Test Harness Methodology
This document explains how to design, run, and interpret experiments using the harness. It is intended for researchers, contributors, and any practitioner using the harness to generate evidence for their own compensating-control evaluations.
Goal
Produce a defensible, reproducible matrix of (scenario, control profile) → outcome records that quantifies which compensating controls actually mitigate which threats.
Experimental design
Variables
- Scenario: a single attack action targeting the emulated device. Each scenario is mapped to a STRIDE-HC category and exercises one or more of the device’s documented security constraints.

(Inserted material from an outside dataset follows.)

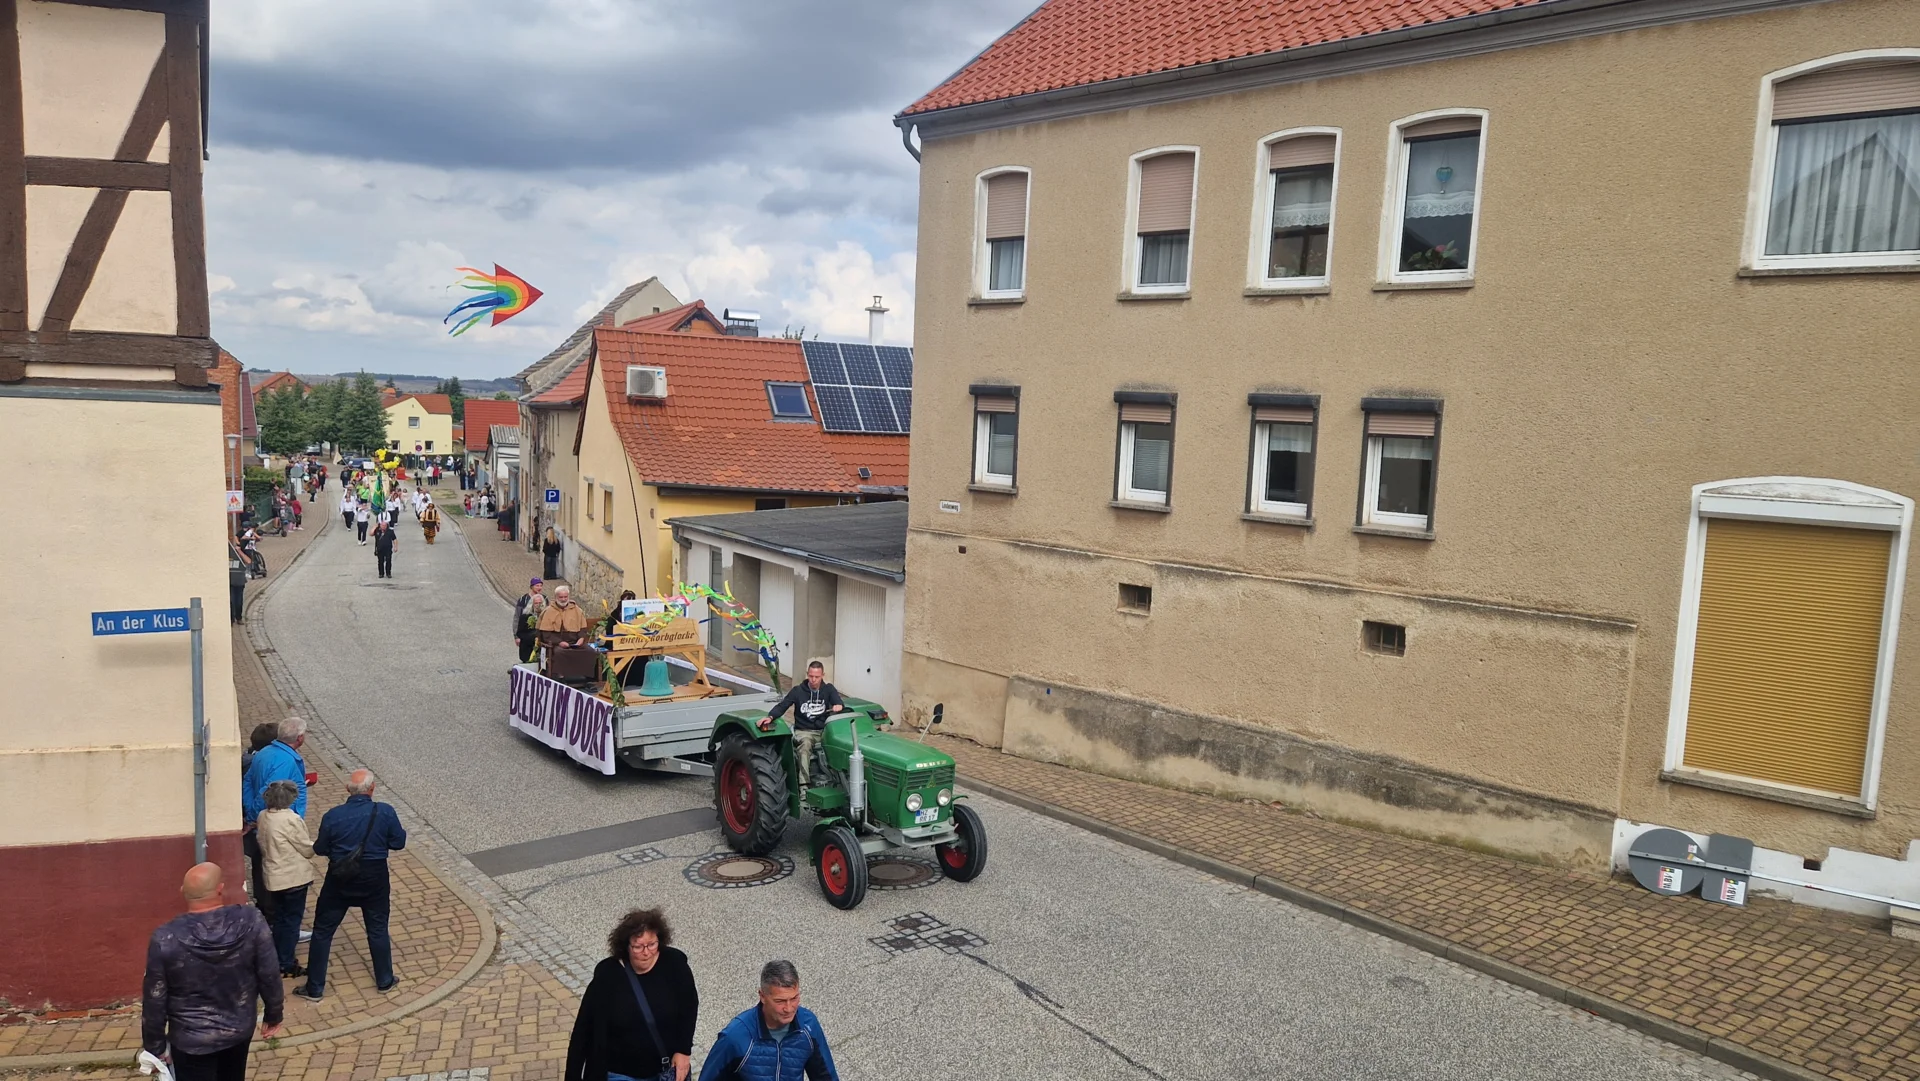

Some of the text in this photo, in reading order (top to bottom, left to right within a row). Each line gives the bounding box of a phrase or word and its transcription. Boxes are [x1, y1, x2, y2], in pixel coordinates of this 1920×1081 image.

- Control profile: a defined combination of compensating controls toggled on or off via Docker Compose profiles. The defined profiles are:
baseline (none), ips, pam, segmentation, all.
- Outcome: one of
SUCCESS, MITIGATED, BLOCKED, BLOCKED_AUTH, BLOCKED_HTTP, BLOCKED_NET, PARTIAL, ERROR.
Hypotheses
The harness is designed to test specific hypotheses about which control profiles mitigate which scenarios. The expected matrix:
| Scenario |
baseline |
ips |
pam |
segmentation |
all |
| 01 ARP poisoning |
REACHABLE |
REACHABLE |
REACHABLE |
BLOCKED |
BLOCKED |
| 02 Firmware injection |
SUCCESS |
BLOCKED_NET |
BLOCKED_AUTH |
BLOCKED |
BLOCKED |
| 03 Cleartext HL7 sniff |
SUCCESS |
SUCCESS |
SUCCESS |
BLOCKED |
BLOCKED |
| 04 Protocol flood DoS |
SUCCESS |
MITIGATED |
SUCCESS |
BLOCKED |
BLOCKED |
| 05 Default-cred EoP |
SUCCESS |
BLOCKED_NET |
BLOCKED_AUTH |
BLOCKED |
BLOCKED |
Empirical results that diverge from this matrix are interesting and warrant investigation — they may indicate a control gap, a scenario implementation issue, or an emulator behaviour mismatch with real-world devices.
Running an experiment
Single-cell run
docker compose --profile pam up -d
docker compose exec attacker python runner.py 05-eop-default-credential.py --control-profile pam
Full matrix
The Makefile (make matrix) executes all 5 scenarios across all 5 control profiles, restarting the harness between profiles for clean state. Results are written to results/run-<timestamp>.csv.
make matrix
# Equivalent to:
# for profile in baseline ips pam segmentation all; do
# docker compose down
# if [ "$profile" != "baseline" ]; then
# docker compose --profile $profile up -d
# else
# docker compose up -d
# fi
# sleep 10 # wait for healthchecks
# docker compose exec -T attacker python runner.py --all --control-profile $profile
# done
# python aggregate-results.py results/run-*.csv > results/matrix.csv
Repetition for variance
A single matrix run produces a snapshot. For results suitable for reporting, run the matrix at least three times and compute outcome consistency. Variability in the harness is expected to come primarily from timing-sensitive scenarios (DoS recovery window, HL7 capture window).
Interpretation
Outcome classification
- SUCCESS — the attack achieved its objective (data captured, parameter modified, target downed). Compensating control did not mitigate.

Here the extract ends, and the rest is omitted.